El presidente del Colegio Oficial de Santa Cruz de Tenerife, Rodrigo Martín, explicó que todas las iniciativas que se están poniendo en marcha, probablemente no se tendrán que emplear, ya que se trata de una enfermedad benigna y que presenta una muy baja mortalidad. De hecho, la consejera recordó ayer que la tasa de incidencia en el Archipiélago es de 98 casos por cada 100.000 habitantes, pero hay que dejar claro que "el 98 por ciento de casos casi ni se enteran, mientras que el otro 2 por ciento es controlable y un 0,0005 aproximadamente fallece, pero es importante recordar que la mortalidad es tres veces inferior a la de la gripe estacional".

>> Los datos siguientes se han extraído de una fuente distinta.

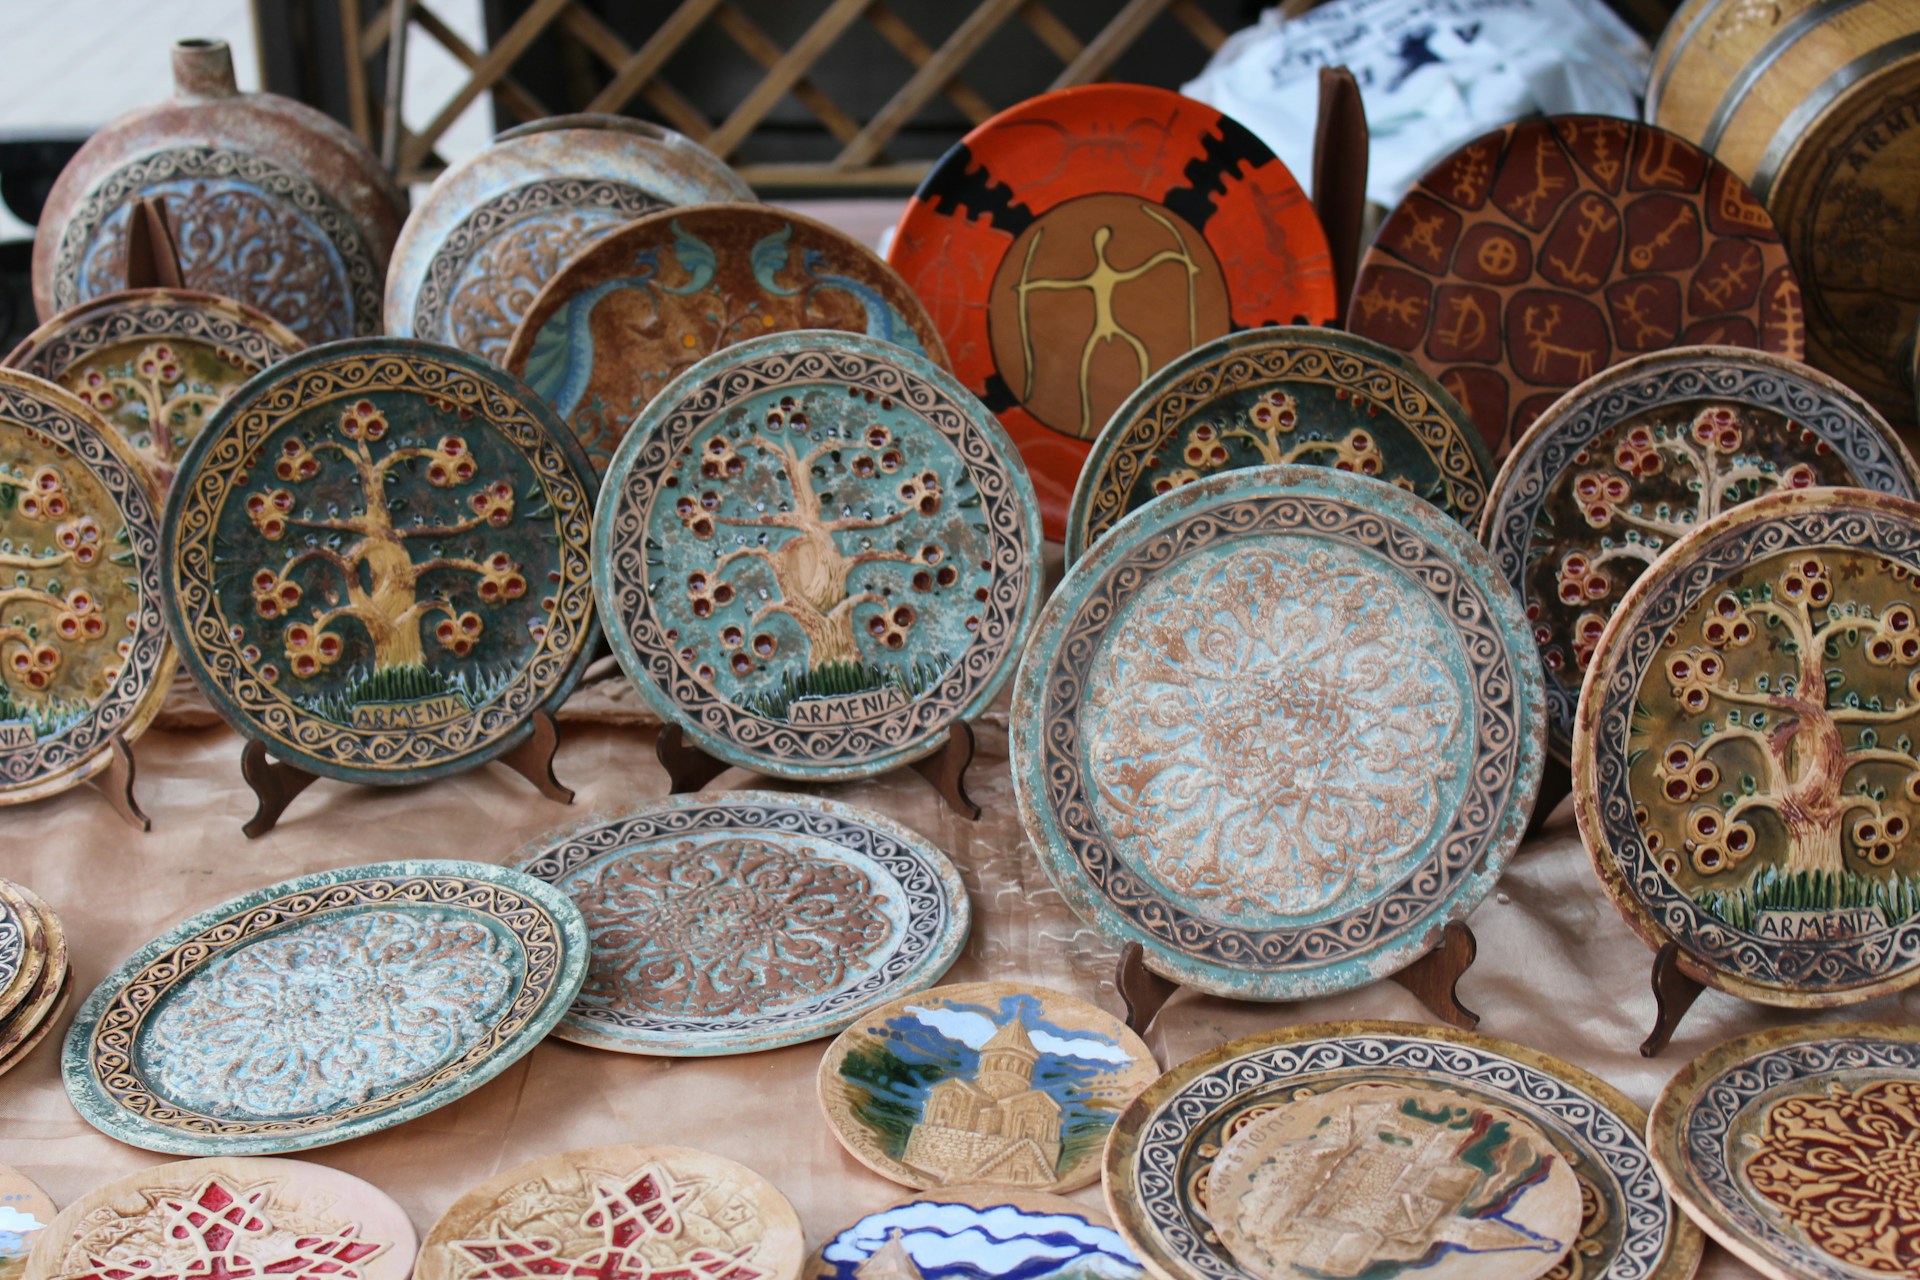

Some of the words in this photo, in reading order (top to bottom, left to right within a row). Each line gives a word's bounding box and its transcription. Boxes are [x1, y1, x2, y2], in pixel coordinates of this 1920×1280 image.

Pero, lo más preocupante de esta situación, según Rodrigo Martín, es que se están despilfarrando millones de euros en medicamentos y muchos recursos de personal que, "con el 99 por ciento de posibilidades", no se van a usar, pero que se quitan de la atención a otras enfermedades que producen mucha más mortalidad, como la diabetes o las cardiovasculares, lo que definió como una "grave irresponsabilidad".
Ante esta realidad, señaló que "se está planificando excesivamente para una enfermedad leve y esto alarma a la población". Así destacó que, si se hacen prácticas de un plan de incendios todos los días, la gente interpreta un riesgo inmediato y que eso es lo que está haciendo la Administración en este caso.
Además, recordó que todas las organizaciones médicas comparten este mensaje de calma, con 250.000 profesionales en España que tienen "la misma autoridad que las entidades públicas, aunque muchos menos intereses". En este sentido, recordó que ésta es la segunda alarma por parte de la Organización Mundial de la Salud (OMS) tras la de la gripe aviar, en la que no ocurrió nada, y, según los datos del H1N1 en el cono Sur –donde ya han pasado el invierno, sin vacunas y con menos antivirales–, se repetirá lo mismo, aunque con un gasto de millones de euros.